* [WHAT THE TASK REQUIRES] All the entries below should be reproduced exactly.

* [DATA IN THIS EXERCISE]
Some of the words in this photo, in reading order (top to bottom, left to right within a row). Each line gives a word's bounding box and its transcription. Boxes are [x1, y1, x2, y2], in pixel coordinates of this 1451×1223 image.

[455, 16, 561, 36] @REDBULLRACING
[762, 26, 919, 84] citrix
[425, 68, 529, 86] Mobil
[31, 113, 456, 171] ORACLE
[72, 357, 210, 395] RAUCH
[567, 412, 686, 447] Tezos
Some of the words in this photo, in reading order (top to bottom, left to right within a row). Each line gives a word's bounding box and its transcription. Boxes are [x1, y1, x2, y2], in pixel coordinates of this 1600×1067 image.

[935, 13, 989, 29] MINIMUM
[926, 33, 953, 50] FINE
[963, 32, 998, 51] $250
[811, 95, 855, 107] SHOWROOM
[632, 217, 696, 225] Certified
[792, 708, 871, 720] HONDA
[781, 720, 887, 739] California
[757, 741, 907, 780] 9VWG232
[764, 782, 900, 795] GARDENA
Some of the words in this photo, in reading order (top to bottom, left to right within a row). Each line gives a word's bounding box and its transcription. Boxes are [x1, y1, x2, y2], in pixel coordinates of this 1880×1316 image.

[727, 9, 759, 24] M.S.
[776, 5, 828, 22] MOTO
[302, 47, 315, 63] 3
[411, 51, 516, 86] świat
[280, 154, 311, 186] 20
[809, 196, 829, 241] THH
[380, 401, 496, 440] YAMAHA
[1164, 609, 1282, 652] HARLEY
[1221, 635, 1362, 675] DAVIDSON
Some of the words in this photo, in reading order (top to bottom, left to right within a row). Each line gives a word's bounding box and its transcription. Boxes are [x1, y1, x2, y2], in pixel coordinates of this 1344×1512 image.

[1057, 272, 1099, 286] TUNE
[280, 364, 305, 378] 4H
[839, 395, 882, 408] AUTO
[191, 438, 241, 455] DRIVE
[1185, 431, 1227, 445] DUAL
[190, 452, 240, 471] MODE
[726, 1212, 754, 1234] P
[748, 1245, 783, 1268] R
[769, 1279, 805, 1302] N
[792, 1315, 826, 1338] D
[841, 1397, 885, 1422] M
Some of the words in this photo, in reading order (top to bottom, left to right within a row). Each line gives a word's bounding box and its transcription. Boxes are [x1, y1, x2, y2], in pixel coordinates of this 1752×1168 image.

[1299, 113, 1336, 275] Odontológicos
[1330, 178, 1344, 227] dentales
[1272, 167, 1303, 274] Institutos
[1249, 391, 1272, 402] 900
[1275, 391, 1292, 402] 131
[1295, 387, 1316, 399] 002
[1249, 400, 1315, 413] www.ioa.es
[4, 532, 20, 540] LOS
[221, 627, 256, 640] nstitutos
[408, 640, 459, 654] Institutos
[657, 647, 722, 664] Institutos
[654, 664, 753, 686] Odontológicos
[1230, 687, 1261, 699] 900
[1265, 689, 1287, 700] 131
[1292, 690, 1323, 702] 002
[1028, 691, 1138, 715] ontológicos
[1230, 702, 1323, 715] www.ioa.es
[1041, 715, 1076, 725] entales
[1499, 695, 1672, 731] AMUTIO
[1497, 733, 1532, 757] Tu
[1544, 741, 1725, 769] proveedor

* [ANSWER]
Some of the words in this photo, in reading order (top to bottom, left to right within a row). Each line gives a word's bounding box and its transcription. Boxes are [x1, y1, x2, y2], in pixel coordinates of this 1451×1223 image.

[455, 16, 561, 36] @REDBULLRACING
[762, 26, 919, 84] citrix
[425, 68, 529, 86] Mobil
[31, 113, 456, 171] ORACLE
[72, 357, 210, 395] RAUCH
[567, 412, 686, 447] Tezos
Some of the words in this photo, in reading order (top to bottom, left to right within a row). Each line gives a word's bounding box and its transcription. Boxes are [x1, y1, x2, y2], in pixel coordinates of this 1600×1067 image.

[935, 13, 989, 29] MINIMUM
[926, 33, 953, 50] FINE
[963, 32, 998, 51] $250
[811, 95, 855, 107] SHOWROOM
[632, 217, 696, 225] Certified
[792, 708, 871, 720] HONDA
[781, 720, 887, 739] California
[757, 741, 907, 780] 9VWG232
[764, 782, 900, 795] GARDENA
Some of the words in this photo, in reading order (top to bottom, left to right within a row). Each line gives a word's bounding box and its transcription. Boxes are [x1, y1, x2, y2], in pixel coordinates of this 1880×1316 image.

[727, 9, 759, 24] M.S.
[776, 5, 828, 22] MOTO
[302, 47, 315, 63] 3
[411, 51, 516, 86] świat
[280, 154, 311, 186] 20
[809, 196, 829, 241] THH
[380, 401, 496, 440] YAMAHA
[1164, 609, 1282, 652] HARLEY
[1221, 635, 1362, 675] DAVIDSON
Some of the words in this photo, in reading order (top to bottom, left to right within a row). Each line gives a word's bounding box and its transcription. Boxes are [x1, y1, x2, y2], in pixel coordinates of this 1344×1512 image.

[1057, 272, 1099, 286] TUNE
[280, 364, 305, 378] 4H
[839, 395, 882, 408] AUTO
[191, 438, 241, 455] DRIVE
[1185, 431, 1227, 445] DUAL
[190, 452, 240, 471] MODE
[726, 1212, 754, 1234] P
[748, 1245, 783, 1268] R
[769, 1279, 805, 1302] N
[792, 1315, 826, 1338] D
[841, 1397, 885, 1422] M
Some of the words in this photo, in reading order (top to bottom, left to right within a row). Each line gives a word's bounding box and its transcription. Boxes are [x1, y1, x2, y2], in pixel coordinates of this 1752×1168 image.

[1299, 113, 1336, 275] Odontológicos
[1330, 178, 1344, 227] dentales
[1272, 167, 1303, 274] Institutos
[1249, 391, 1272, 402] 900
[1275, 391, 1292, 402] 131
[1295, 387, 1316, 399] 002
[1249, 400, 1315, 413] www.ioa.es
[4, 532, 20, 540] LOS
[221, 627, 256, 640] nstitutos
[408, 640, 459, 654] Institutos
[657, 647, 722, 664] Institutos
[654, 664, 753, 686] Odontológicos
[1230, 687, 1261, 699] 900
[1265, 689, 1287, 700] 131
[1292, 690, 1323, 702] 002
[1028, 691, 1138, 715] ontológicos
[1230, 702, 1323, 715] www.ioa.es
[1041, 715, 1076, 725] entales
[1499, 695, 1672, 731] AMUTIO
[1497, 733, 1532, 757] Tu
[1544, 741, 1725, 769] proveedor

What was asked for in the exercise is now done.